# Holding stomach muscles?



## Vindicated (May 1, 2011)

I've found that holding my stomach muscles in whilst riding has given me a better seat and also allows me to keep my heels down. Before, I found it hard to get weight into my heels and keep them down, but now I'm sitting taller due to holding my stomach muscles in, and this gives me a better postion. It's now just so much easier keeping those heels down, but is this the correct way to ride?

PS
I'm not forcing my Abdominal muscles the full way in, because then I'd slouch, but just half way in. Make sense lol


----------



## MyBoyPuck (Mar 27, 2009)

Yes. What you're doing is using your core muscles to absorb some of your horse's motion so you're essentially sitting on him more quietly and allowing him to move in a more balanced way beneath you. If you watch an upper level rider who appears to be sitting there doing nothing, they are actually using their stomach muscles to varying degrees every stride to counteract their horse's motion. It's basically, horse produces X amount of energy/motion, rider uses stomach muscles to absorb X, the X's cancel out each other, and the result is horse and rider appearing to be a seamless pair. Long story short, you stumbled onto the correct way of riding.


----------



## Vindicated (May 1, 2011)

MyBoyPuck said:


> Yes. What you're doing is using your core muscles to absorb some of your horse's motion so you're essentially sitting on him more quietly and allowing him to move in a more balanced way beneath you. If you watch an upper level rider who appears to be sitting there doing nothing, they are actually using their stomach muscles to varying degrees every stride to counteract their horse's motion. It's basically, horse produces X amount of energy/motion, rider uses stomach muscles to absorb X, the X's cancel out each other, and the result is horse and rider appearing to be a seamless pair. Long story short, you stumbled onto the correct way of riding.

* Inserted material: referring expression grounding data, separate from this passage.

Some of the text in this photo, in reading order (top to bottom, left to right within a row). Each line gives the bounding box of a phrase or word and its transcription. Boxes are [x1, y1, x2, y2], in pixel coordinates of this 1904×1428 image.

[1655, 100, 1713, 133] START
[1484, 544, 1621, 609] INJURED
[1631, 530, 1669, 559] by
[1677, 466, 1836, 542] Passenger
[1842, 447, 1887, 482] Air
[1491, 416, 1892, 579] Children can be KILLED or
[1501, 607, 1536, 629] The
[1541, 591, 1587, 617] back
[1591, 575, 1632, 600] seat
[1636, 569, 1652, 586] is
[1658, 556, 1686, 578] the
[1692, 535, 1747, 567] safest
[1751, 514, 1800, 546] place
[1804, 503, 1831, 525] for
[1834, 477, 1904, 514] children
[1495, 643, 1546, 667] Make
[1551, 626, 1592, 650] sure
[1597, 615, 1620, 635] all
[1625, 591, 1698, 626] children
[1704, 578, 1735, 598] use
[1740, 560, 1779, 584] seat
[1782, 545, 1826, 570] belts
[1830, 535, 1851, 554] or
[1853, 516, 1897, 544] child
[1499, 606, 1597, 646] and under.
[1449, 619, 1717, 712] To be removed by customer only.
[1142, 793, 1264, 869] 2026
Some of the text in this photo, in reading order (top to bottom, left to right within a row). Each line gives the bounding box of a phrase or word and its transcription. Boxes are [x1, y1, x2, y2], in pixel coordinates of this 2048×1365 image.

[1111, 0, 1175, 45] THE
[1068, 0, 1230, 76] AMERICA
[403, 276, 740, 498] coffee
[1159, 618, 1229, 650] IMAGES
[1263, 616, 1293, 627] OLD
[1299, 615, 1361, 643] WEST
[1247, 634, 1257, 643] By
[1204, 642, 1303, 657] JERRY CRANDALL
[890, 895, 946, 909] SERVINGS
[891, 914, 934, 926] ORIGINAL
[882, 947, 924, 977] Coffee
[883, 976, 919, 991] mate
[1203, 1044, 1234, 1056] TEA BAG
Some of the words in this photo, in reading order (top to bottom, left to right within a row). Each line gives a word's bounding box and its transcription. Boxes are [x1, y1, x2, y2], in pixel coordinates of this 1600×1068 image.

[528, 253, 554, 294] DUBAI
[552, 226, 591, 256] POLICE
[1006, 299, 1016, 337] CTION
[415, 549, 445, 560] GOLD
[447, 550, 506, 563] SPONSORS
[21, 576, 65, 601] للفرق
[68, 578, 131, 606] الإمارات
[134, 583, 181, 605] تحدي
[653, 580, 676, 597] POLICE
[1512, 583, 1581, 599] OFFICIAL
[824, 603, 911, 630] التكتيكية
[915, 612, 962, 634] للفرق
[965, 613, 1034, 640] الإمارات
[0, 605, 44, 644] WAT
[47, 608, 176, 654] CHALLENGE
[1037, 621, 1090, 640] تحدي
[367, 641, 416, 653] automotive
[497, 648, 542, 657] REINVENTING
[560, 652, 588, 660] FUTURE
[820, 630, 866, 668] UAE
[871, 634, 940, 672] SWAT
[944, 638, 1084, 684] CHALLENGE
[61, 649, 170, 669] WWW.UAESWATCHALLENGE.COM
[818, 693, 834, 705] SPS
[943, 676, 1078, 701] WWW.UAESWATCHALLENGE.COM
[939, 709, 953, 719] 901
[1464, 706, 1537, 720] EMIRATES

So do I just tighten my abdominal muscles for the duration of the ride, or just a certain times?


----------



## MyBoyPuck (Mar 27, 2009)

You kind of want to be at 50% for most of the ride. While you don't want your body to be rigid, you don't want to be flopping around up there either. You want to save the bigger muscle crunches for half halts. Basically you want to keep your body in sync with the horse, and the stomach muscles are how you do it. You'll obviously need less at the walk than at the trot and so on, so just play with it. If you have access to mirrors, you'll be able to see how much your upper body is moving unnecessarily and whether you need to increase or decrease your efforts. Do you have a dressage instructor? This stuff is much easier to explain in person.


----------



## raywonk (Jan 9, 2011)

As you developed as a rider you will not even notice when you are doing it and when you are not. I always tell my students to over exaggerate it in the beginning and then work on refining later.


----------



## RideroftheWind (Jul 15, 2009)

Huh. I've never heard of this before. I have my next lesson on Saturday; maybe I'll try it. It does seem a little tiring, though, keeping your abs tight while riding. Just _how_ tight do you mean? I do martial arts, which really builds up your abs, so I can pull mine in quite a bit. So how will I know if enough is enough? It just seems uncomfortable.


----------



## tinyliny (Oct 31, 2009)

Not pull you abdomin IN but firm up the core muscle, especially those that run on the side of your belly and lower back. If you just pull in your tummy, toward your spine, it will make you curl over and stifly your breathing. It is akin to the tightening of the lower body that occurs when you have a hard bowel movement. If you find you cannot breathe well, you are too tight.


----------



## Kayty (Sep 8, 2009)

Tiny jumped in before me on this one - it's not your outer abdominal muscles that are used in riding, it is your core muscles. The muscles which tighten when you cough or as tiny said, go to the toilet. Rather than sucking in your stomach, engaging the core muscles is more like a 'lifting' of your belly button.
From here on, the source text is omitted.